In sad news for lovers of deep-fried poultry, KFC said it is cutting items on its menus across Australia due to Covid-19-driven staff shortages at its suppliers. The fast-food giant issued an apologetic statement on its Australian website, as customers took to social media to vent their disappointment.

“We’re working with our multiple suppliers to mitigate the impact and provide them with support, but we expect some disruptions to continue in the coming weeks,” a spokesperson said in comments emailed to Bloomberg.

The chicken shortage is not just confined to KFC. The share price of Inghams, one of Australia’s largest poultry processors, plunged 6% on Tuesday after it flagged lower production due to a lack of workers in a business update to investors.

“The operational and trading difficulties have resulted in significant operational inefficiency, additional costs and the temporary suspension of a number of Ingham’s products,” MD Andrew Reeves said in the update. “We are focused on supplying as much product as possible to customers while the current disruption continues.”

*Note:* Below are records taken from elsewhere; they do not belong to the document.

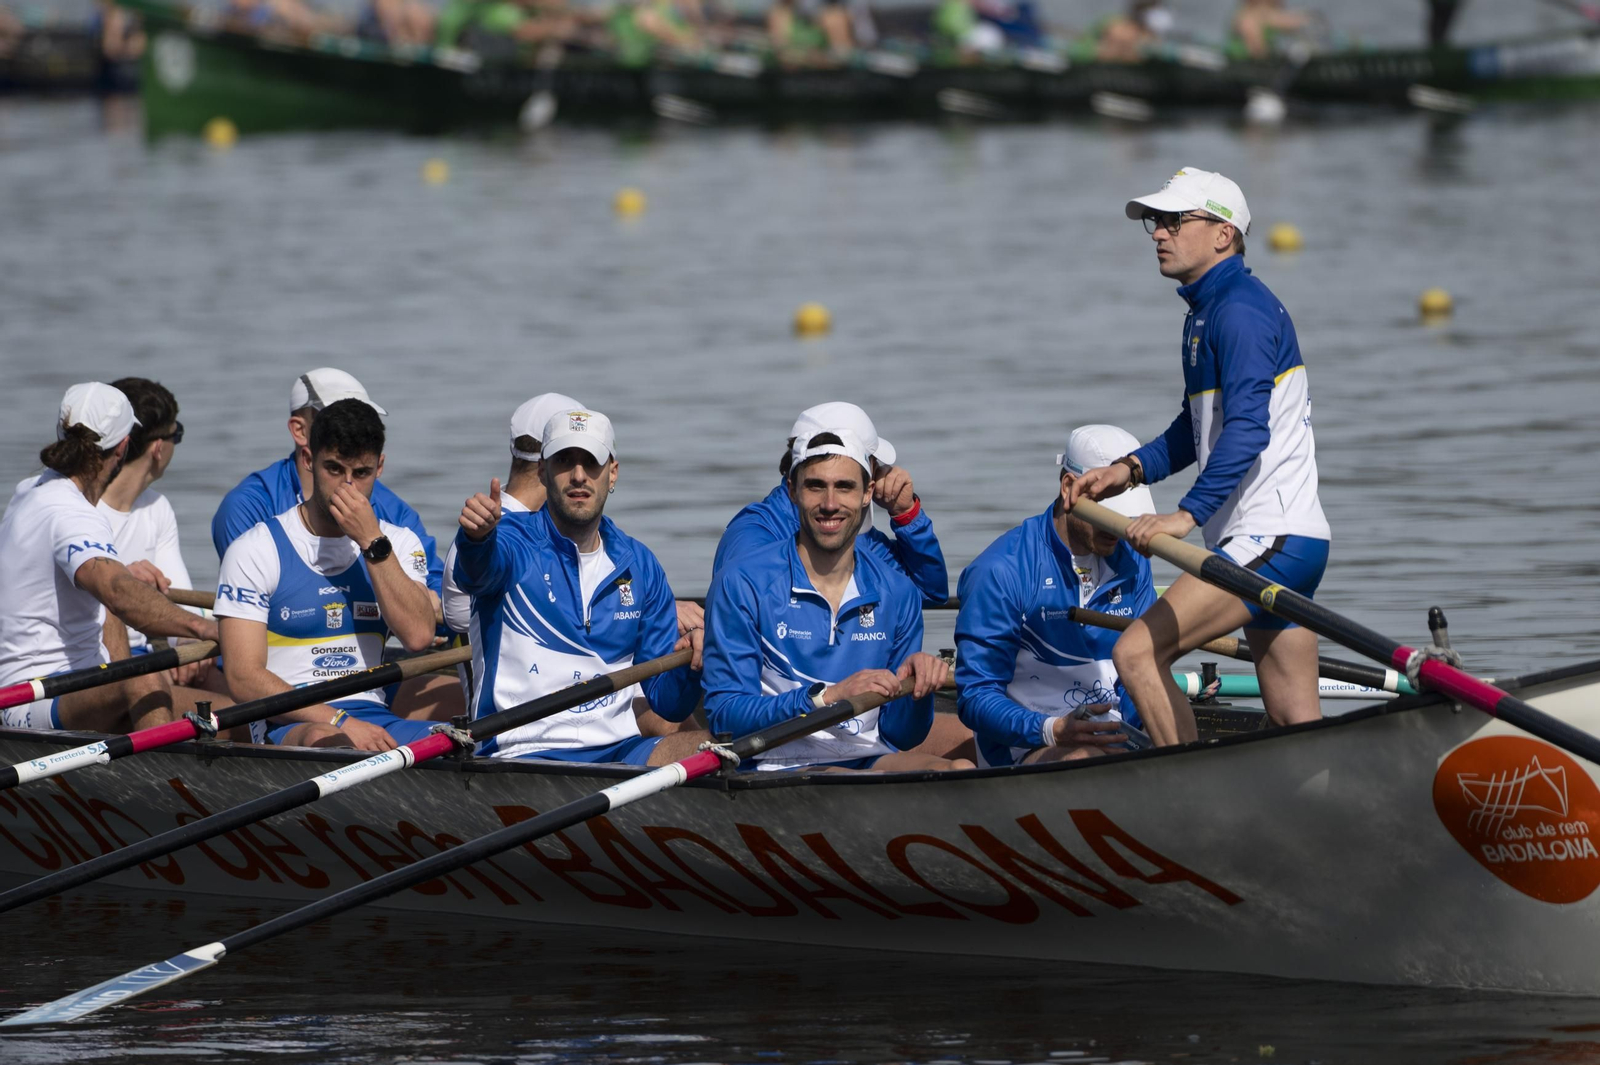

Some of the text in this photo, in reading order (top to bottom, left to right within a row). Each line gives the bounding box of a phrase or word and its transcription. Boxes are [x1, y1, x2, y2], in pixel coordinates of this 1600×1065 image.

[322, 655, 350, 667] Ford
[1319, 683, 1356, 691] erreteria
[49, 750, 86, 763] Ferreteria
[366, 753, 393, 767] SAR
[1502, 820, 1590, 840] club de rem
[1481, 838, 1599, 862] BADALONA
[492, 804, 1246, 925] BADALONA
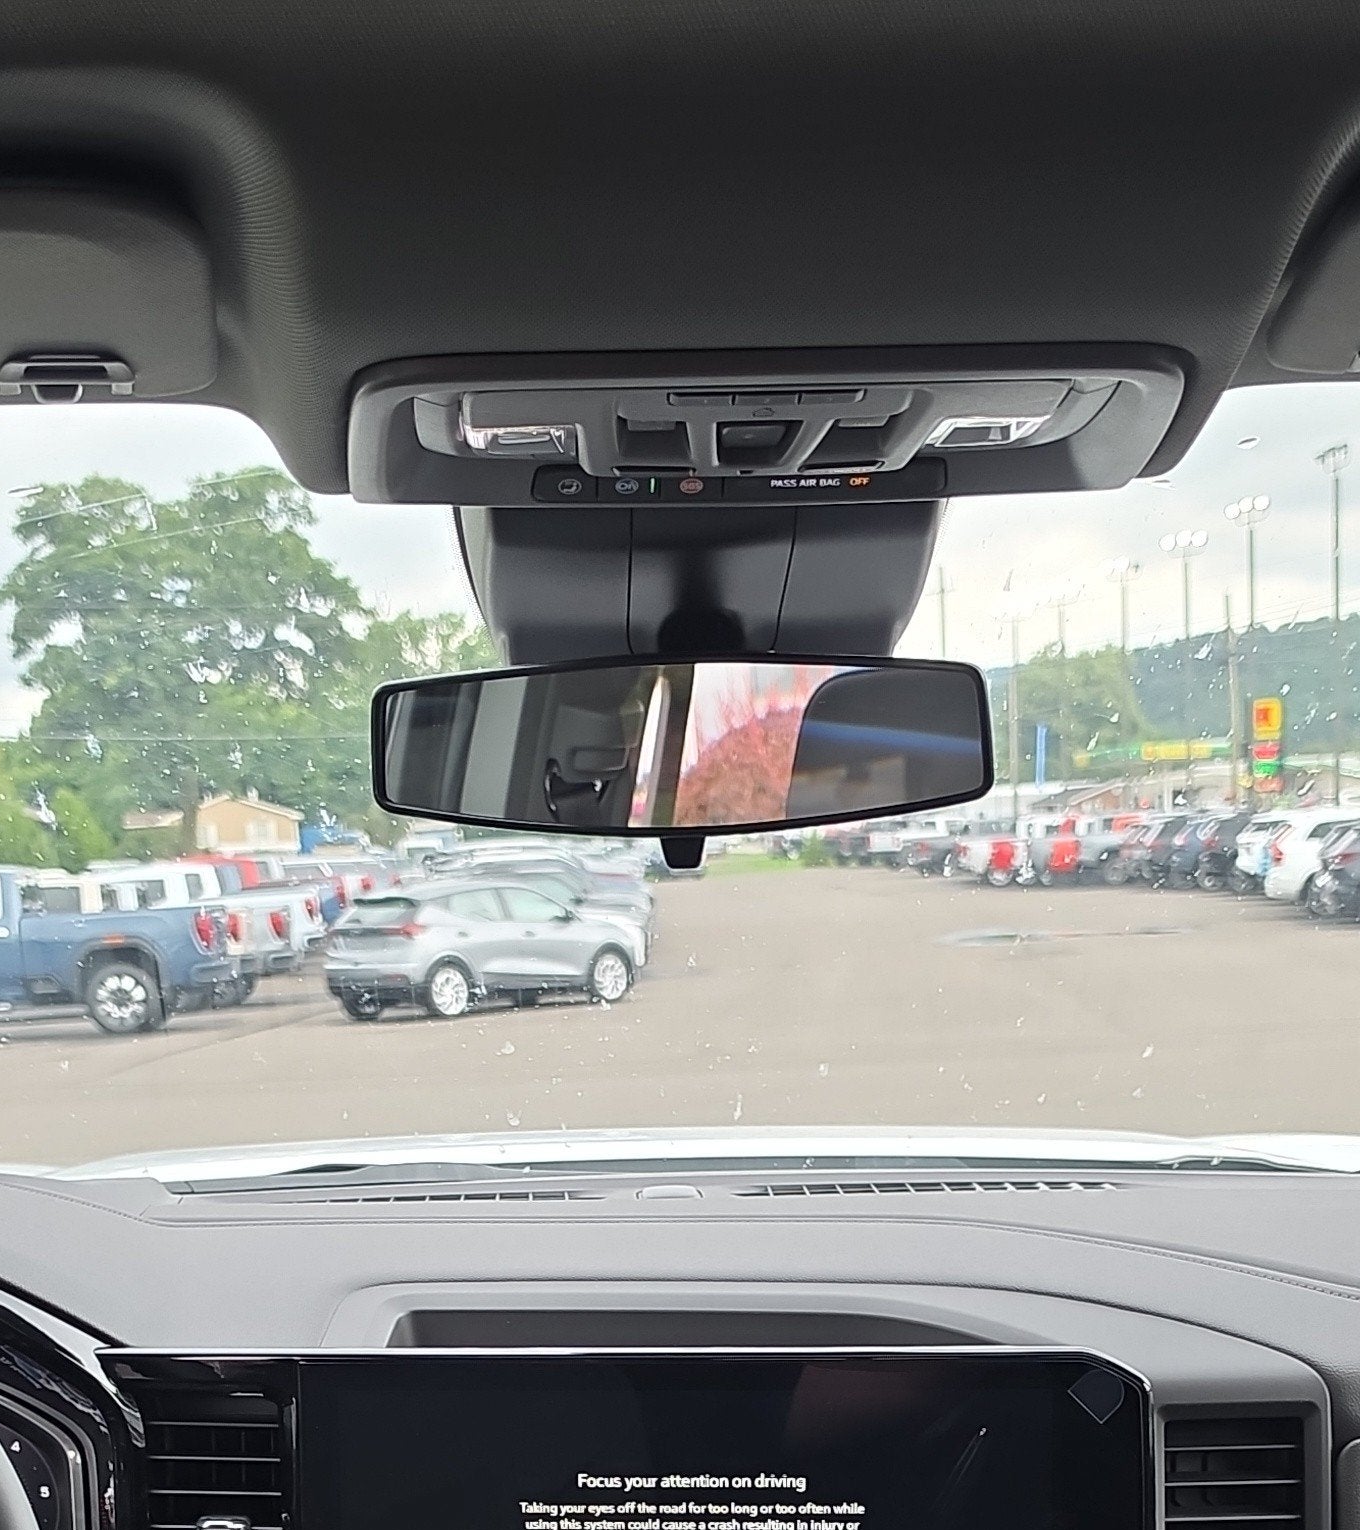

Poultry is the latest item in a growing list of food products that have been hit by supply-chain problems and staff shortages as the Omicron virus variant sweeps through Australia. Authorities are grappling with soaring case numbers that have led to the reinstatement of Covid-19 restrictions across much of the country, while tens of thousands of infected people and their close contacts have been forced to isolate at home.

With meat supplies hanging in the balance, some Australian state governments have amended mandated isolation requirements for workers in critical food supply chains to allow people who are close contacts to return to work if they have no symptoms and are fully vaccinated.

Ingham’s told investors that it was still too early to put an estimate on how long the delays would continue, while the overall impact on the business was still unclear. The changes to the isolation rules should help to alleviate some of staffing pressures, Reeves said.

“As operating conditions begin to stabilise, we expect our production capacity to recover relatively quickly to meet customer and consumer demand,” he said.